(Spatial localization data)
• • • •
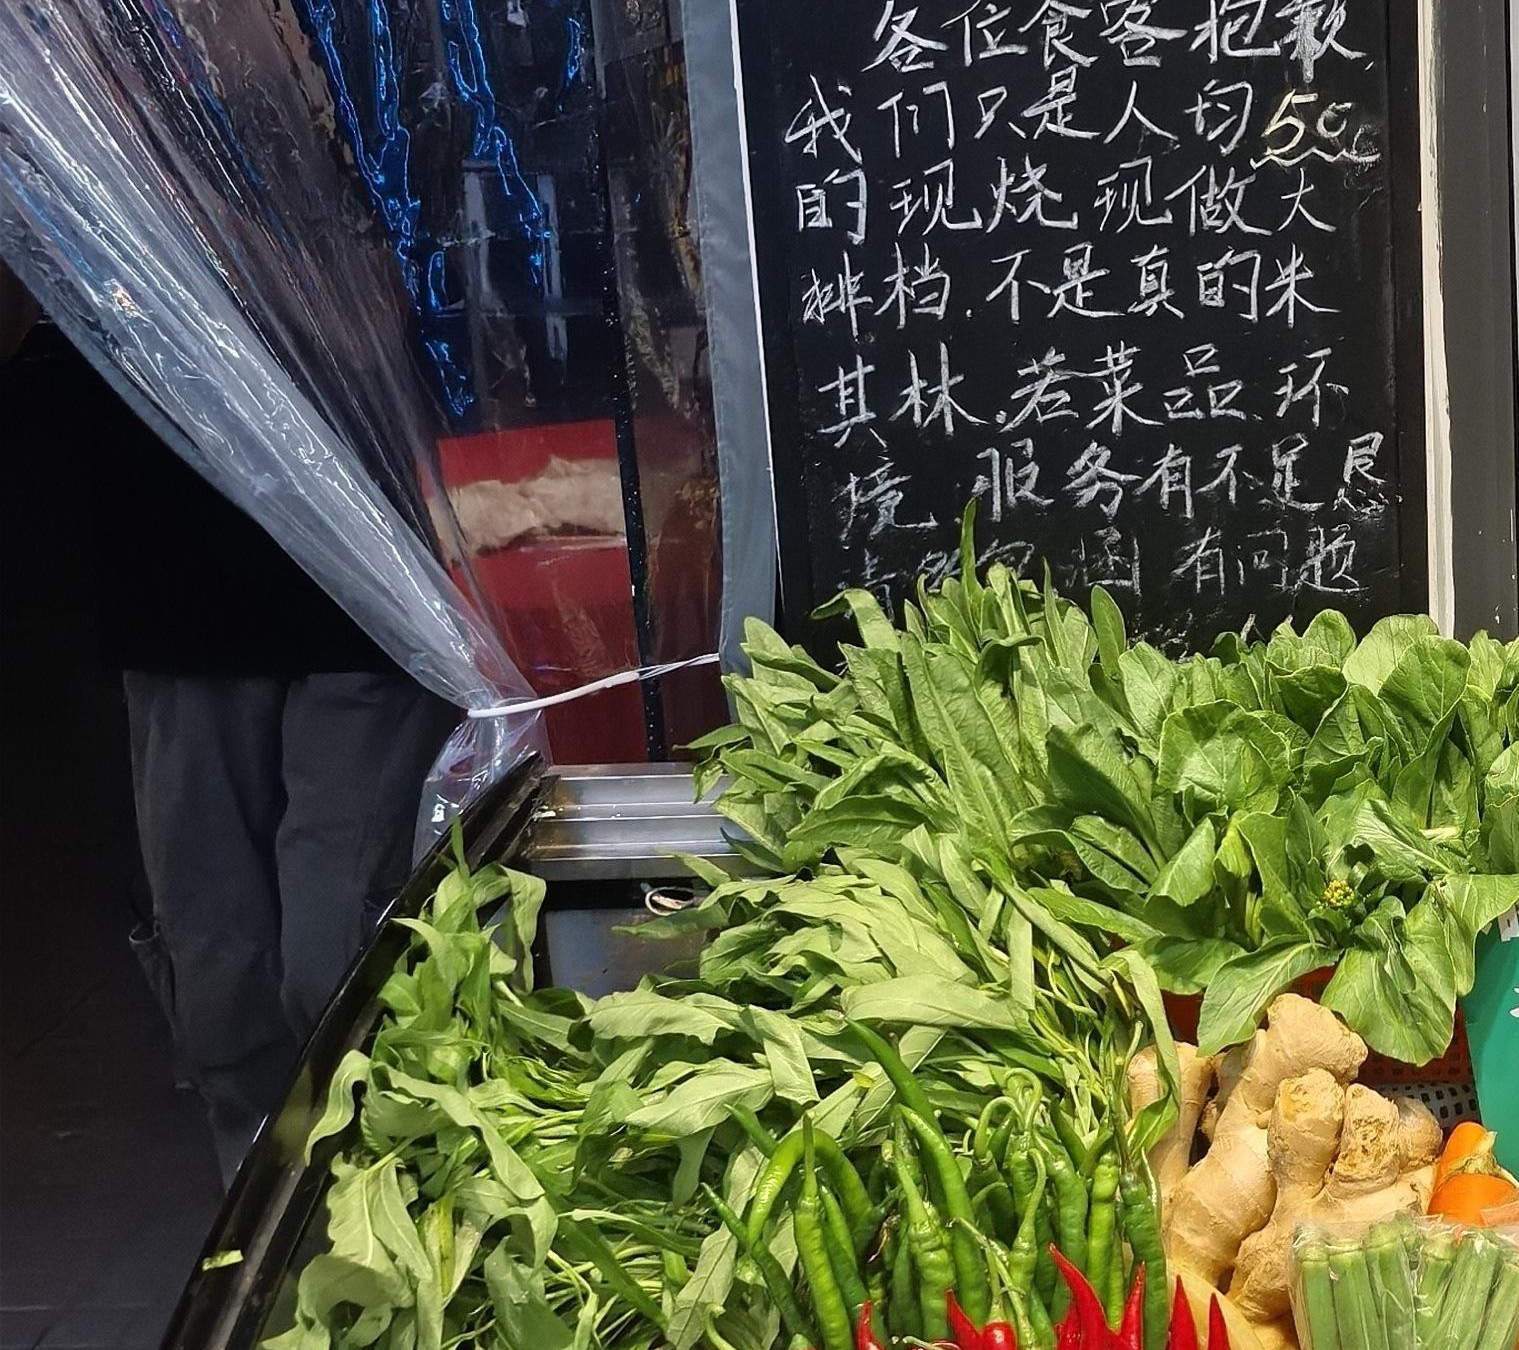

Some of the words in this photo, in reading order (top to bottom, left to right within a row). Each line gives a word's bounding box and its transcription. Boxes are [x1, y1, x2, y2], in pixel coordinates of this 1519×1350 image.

[785, 64, 1381, 166] 我们只是人均50
[796, 155, 1339, 245] 的现烧现做大
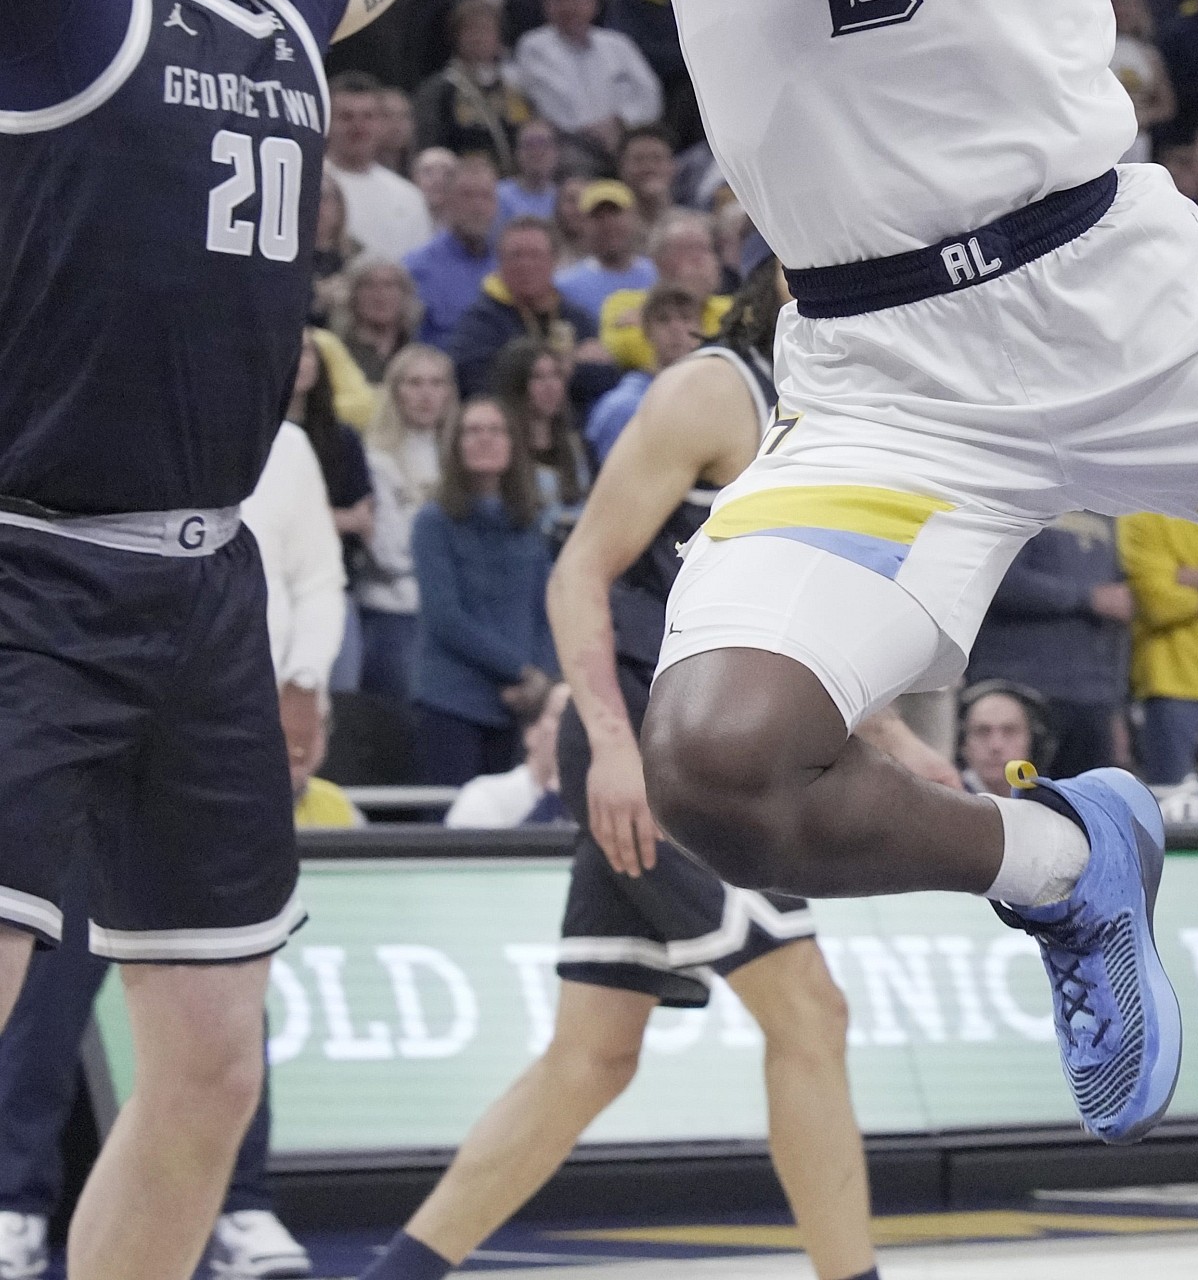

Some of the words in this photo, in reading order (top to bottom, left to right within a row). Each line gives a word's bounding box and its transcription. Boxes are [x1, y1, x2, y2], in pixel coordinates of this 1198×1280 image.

[206, 129, 303, 262] 20
[940, 236, 1003, 286] AL
[178, 516, 206, 550] G
• • • •
Try it:
Keep only the lines from the one containing "this 1198×1280 image." through the final line of the records, and transcribe them exactly.

Task response:
Some of the words in this photo, in reading order (top to bottom, left to right within a row). Each line gives a word's bounding box and its transcription. Boxes are [x1, y1, x2, y2], in pixel coordinates of this 1198×1280 image.

[206, 129, 303, 262] 20
[940, 236, 1003, 286] AL
[178, 516, 206, 550] G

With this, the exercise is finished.